A Conte-Rail, actual concessionária (o contrato termina no final do ano) é apontada como uma candidata natural à privatização. Que deverá atrair também o interesse de operadores portuários e operadores logísticos de base ferroviária.

O caderno de encargos do concurso público está em fase de conclusão. Ao que se sabe, além do encaixe financeiro o Estado valorizará também o plano de negócios e de desenvolvimento estratégico da infra-estrutura.

Certo é que o vencedor do concurso ficará com a maioria do capital social. A percentagem exacta não foi ainda divulgada, mas no mínimo deverá ser de 58,48%, que é quanto detêm, juntos, os actuais accionistas que já anunciaram ir vender: Puertos del Estado, Administração do Porto de Bilbau, Comunidade de Madrid e Sepes.
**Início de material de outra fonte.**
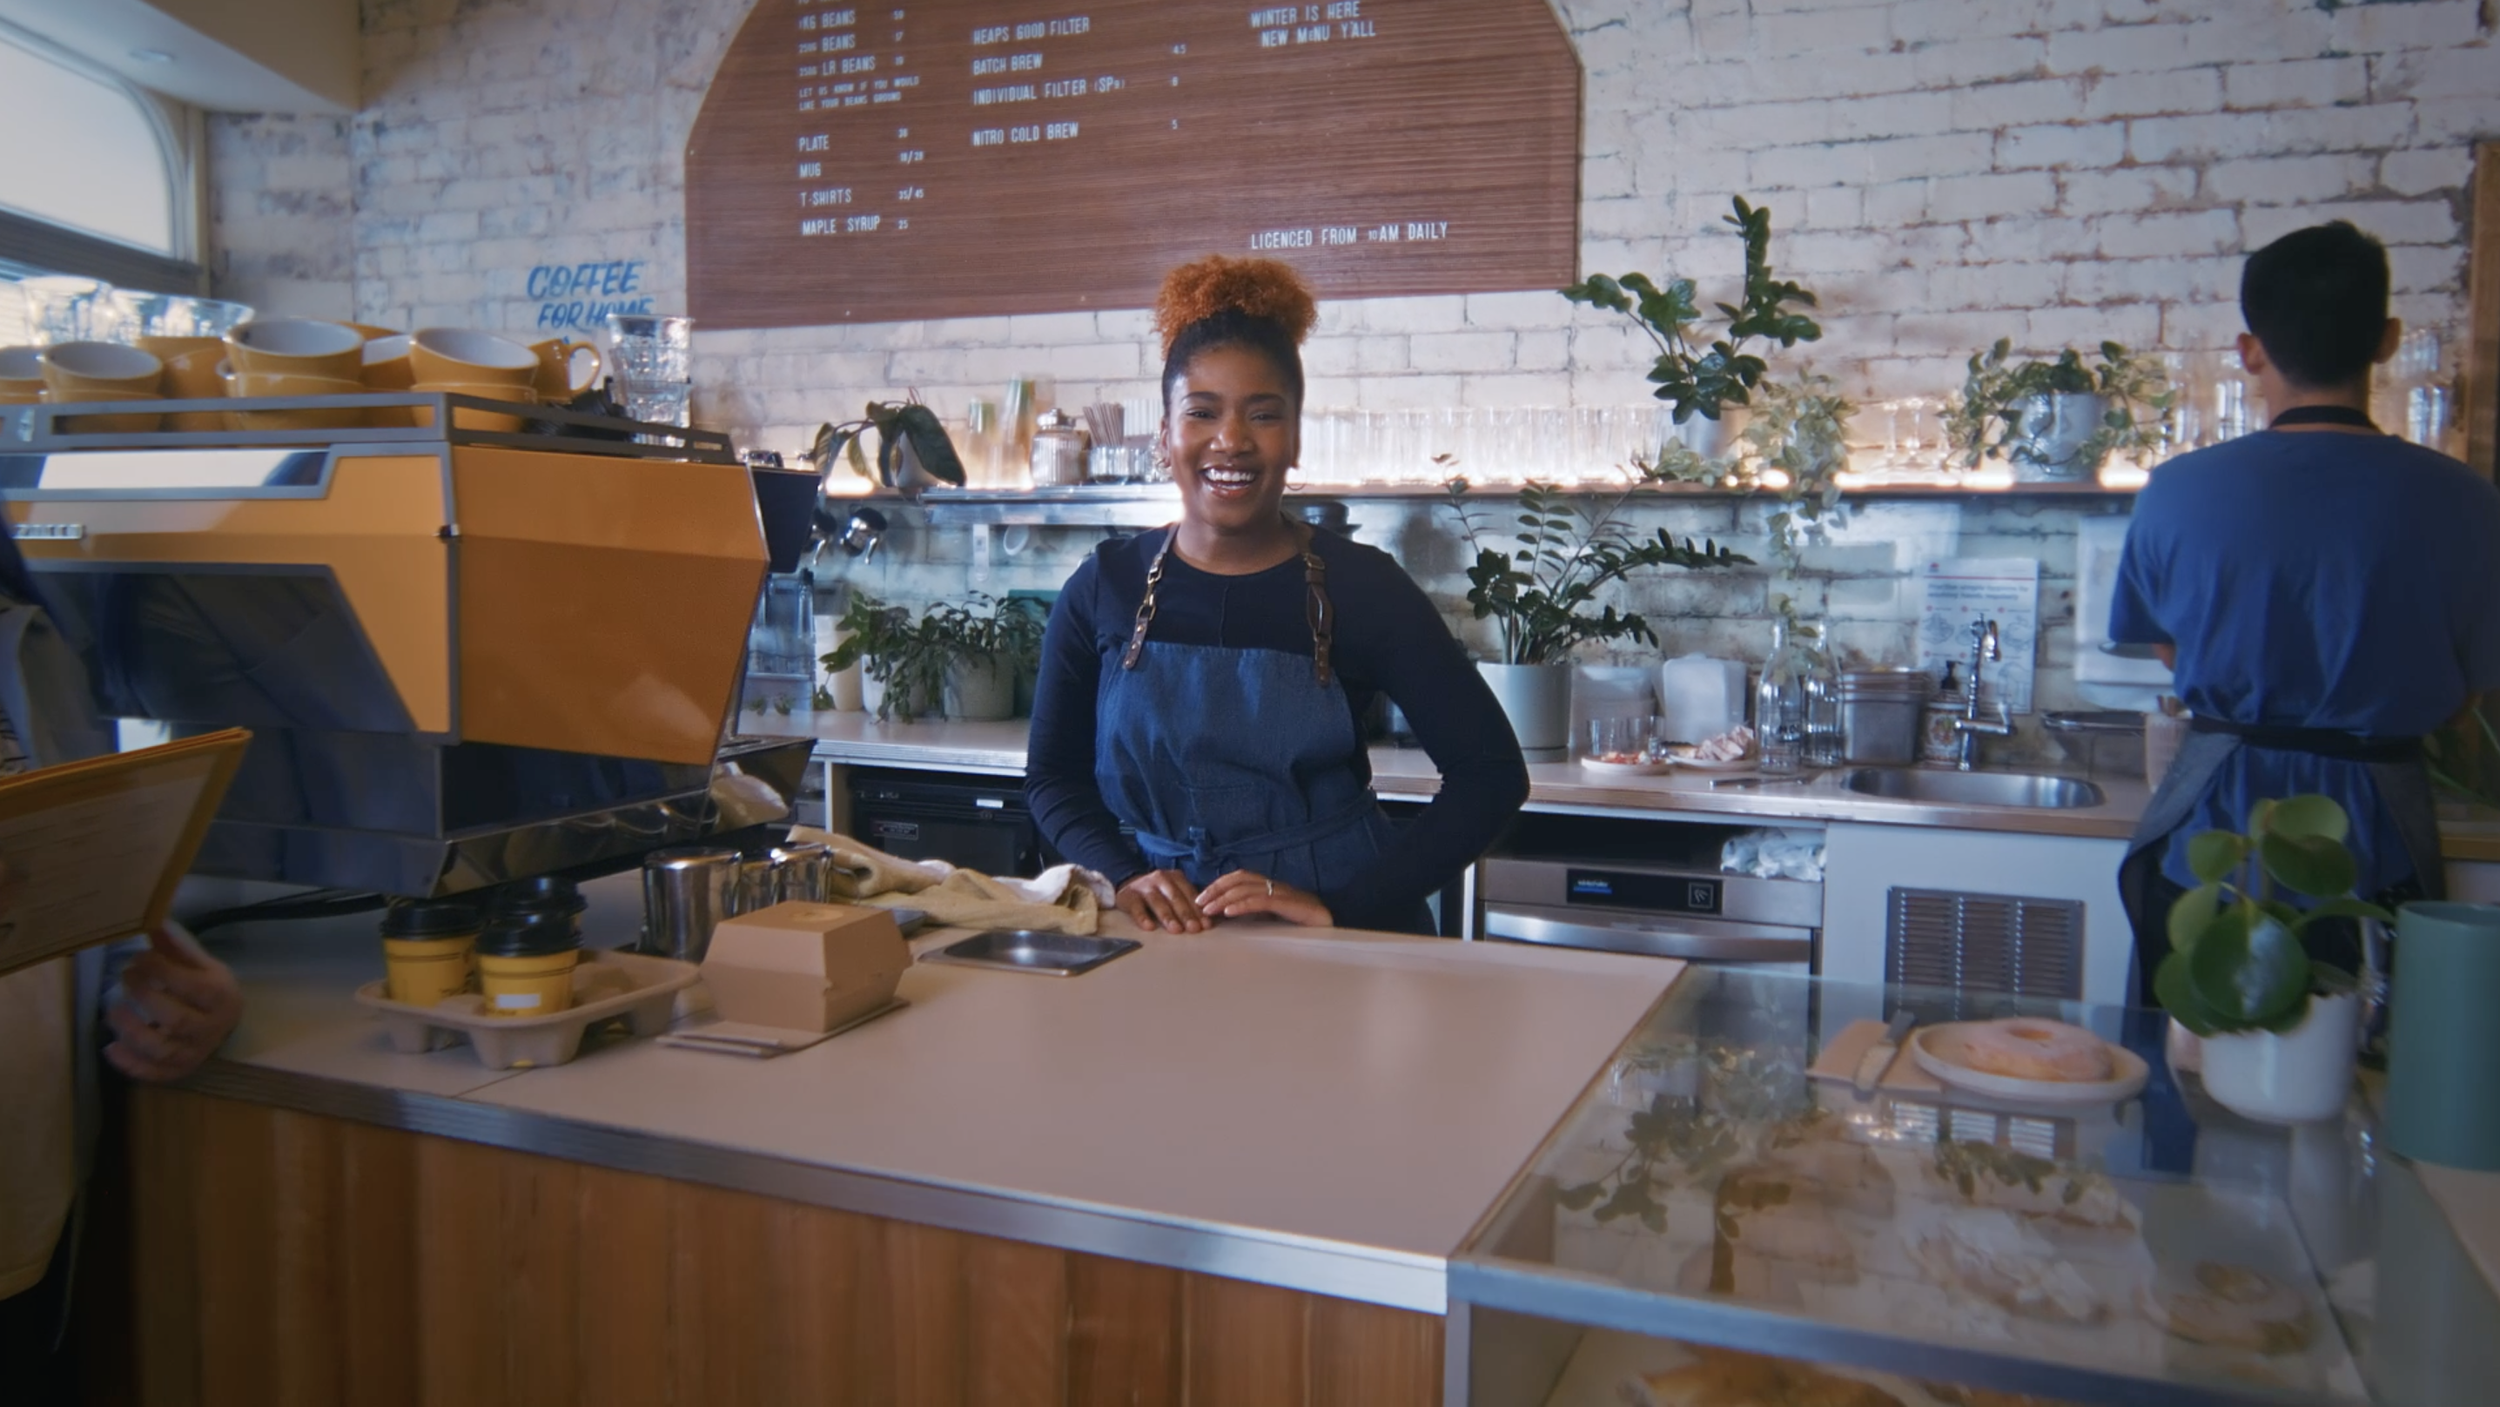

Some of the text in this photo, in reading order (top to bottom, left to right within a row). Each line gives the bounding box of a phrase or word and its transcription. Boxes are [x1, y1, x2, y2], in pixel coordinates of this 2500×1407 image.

[822, 10, 856, 28] BEANS
[1250, 1, 1361, 28] WINTER IS HERE
[973, 17, 1090, 45] HEAPS GOOD FILTER
[1261, 29, 1289, 48] NEW
[1341, 21, 1376, 39] Y'ALL
[822, 34, 856, 52] BEANS
[842, 56, 876, 74] BEANS
[973, 56, 1007, 76] BATCH
[1011, 53, 1043, 71] BREW
[799, 76, 920, 98] LET US KNOW IF YOU WOULD
[973, 85, 1038, 106] INDIVIDUAL
[1045, 79, 1087, 98] FILTER
[799, 91, 902, 111] LIKE YOUR BEANS GROUND
[799, 135, 830, 152] PLATE
[973, 119, 1179, 146] NITRO COLD BREW 5
[799, 162, 822, 178] MUG
[801, 188, 853, 207] T-SHIRTS
[802, 219, 837, 236] MAPLE
[847, 215, 881, 232] SYRUP
[1251, 222, 1448, 250] LICENCED FROM 10AM DAILY
[527, 260, 645, 301] COFFEE
[537, 301, 593, 335] FOR
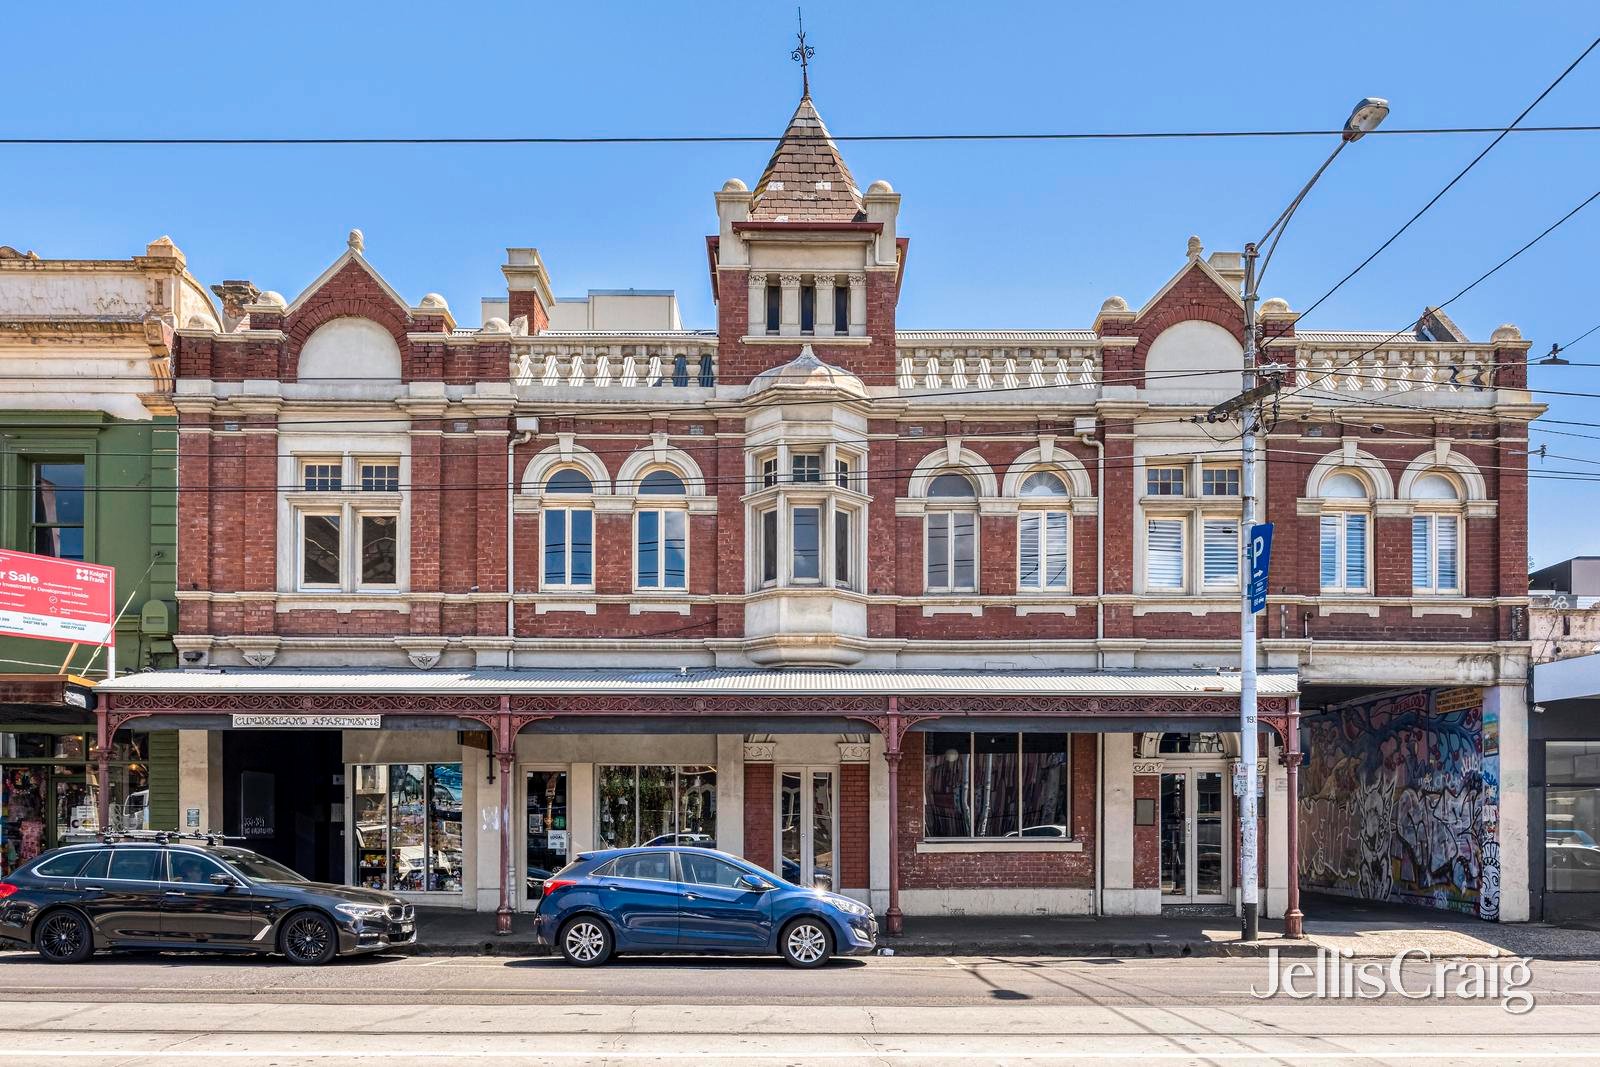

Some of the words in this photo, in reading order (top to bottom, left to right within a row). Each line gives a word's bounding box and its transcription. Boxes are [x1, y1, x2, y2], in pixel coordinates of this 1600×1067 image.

[1254, 536, 1264, 568] P
[8, 570, 39, 584] Sale
[89, 570, 108, 579] Knight
[89, 576, 105, 584] Frank
[2, 582, 32, 591] Investment
[37, 586, 71, 596] Development
[234, 716, 308, 726] CUMBERLAND
[312, 716, 379, 727] APARTMENTS
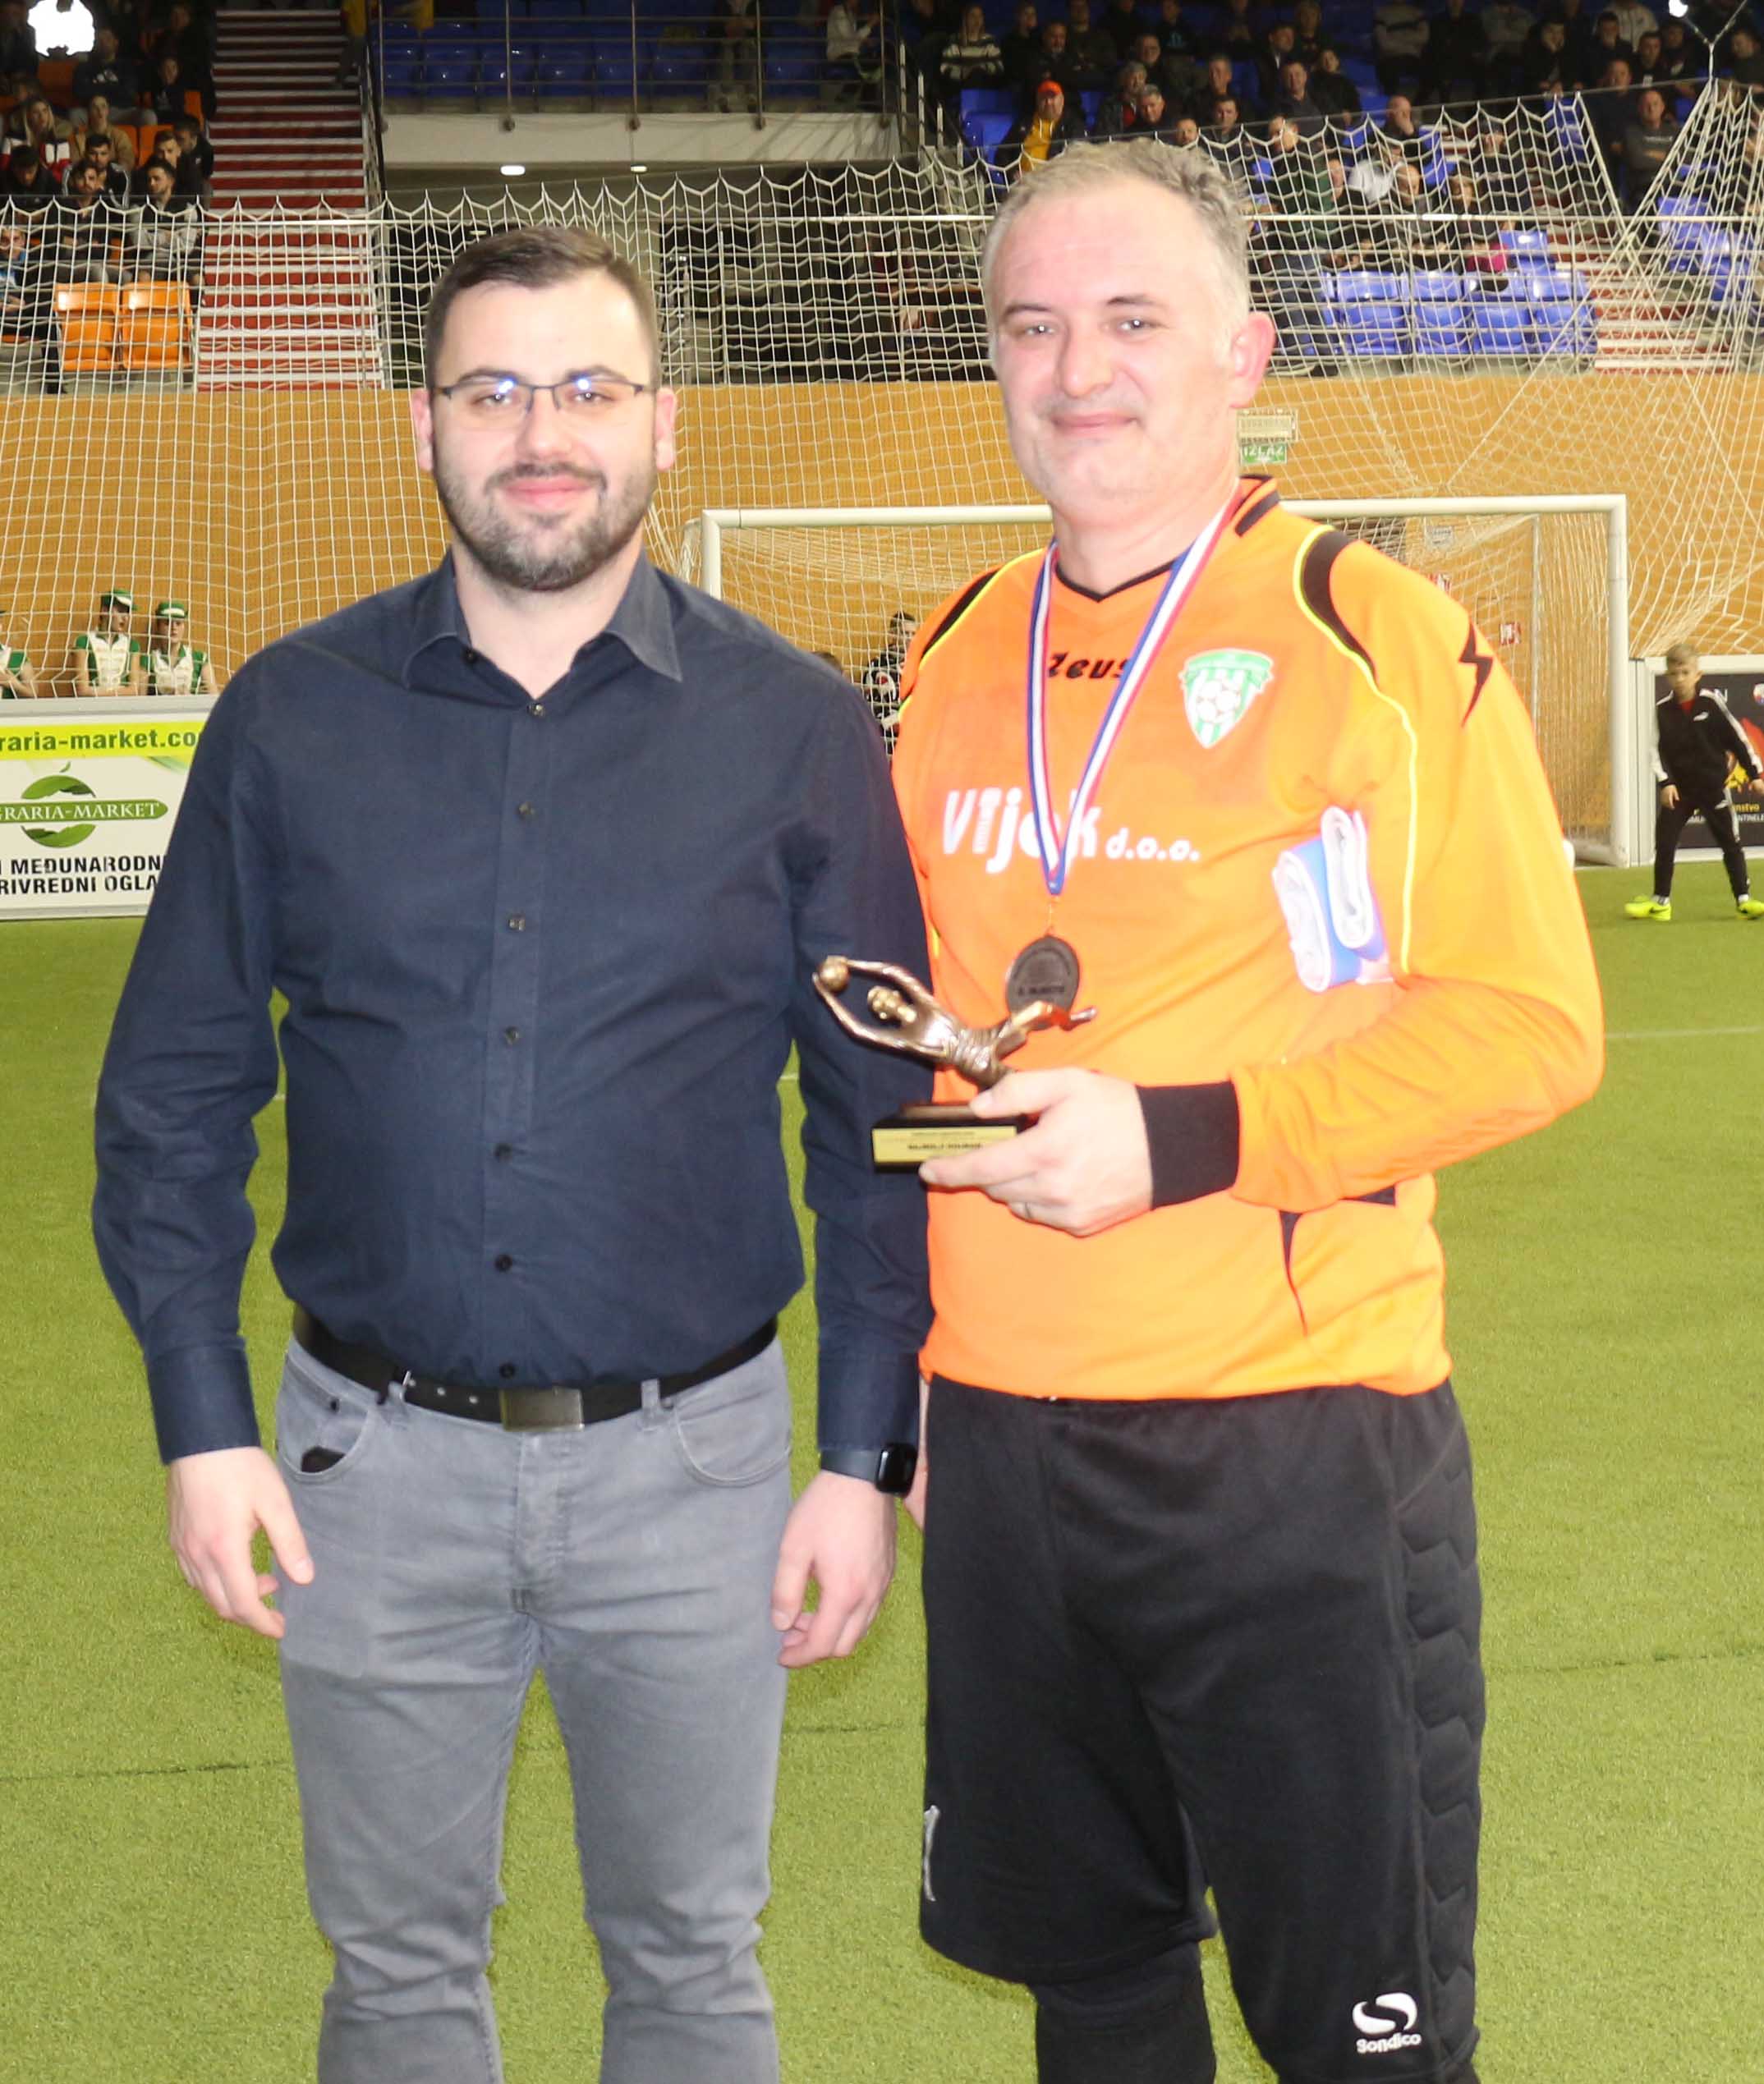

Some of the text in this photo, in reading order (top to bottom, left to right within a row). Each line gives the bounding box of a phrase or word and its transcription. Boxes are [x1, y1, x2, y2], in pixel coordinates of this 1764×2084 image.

Os demais accionistas, que até ao momento manifestaram a intenção de permanecer no projecto, são as autoridades portuárias de Valença, Algeciras e Barcelona e o Ayuntamiento de Coslada, em cujo território se localiza o terminal.

Este ano, o Porto Seco de Madrid prevê movimentar cerca de 105 mil TEU. A sua capacidade instalada ronda os 115 mil TEU/ano e os dois mil comboios.

Situado na região de Madrid, o principal centro de consumo da Península, o porto seco tem ligações aos principais portos espanhóis e portugueses.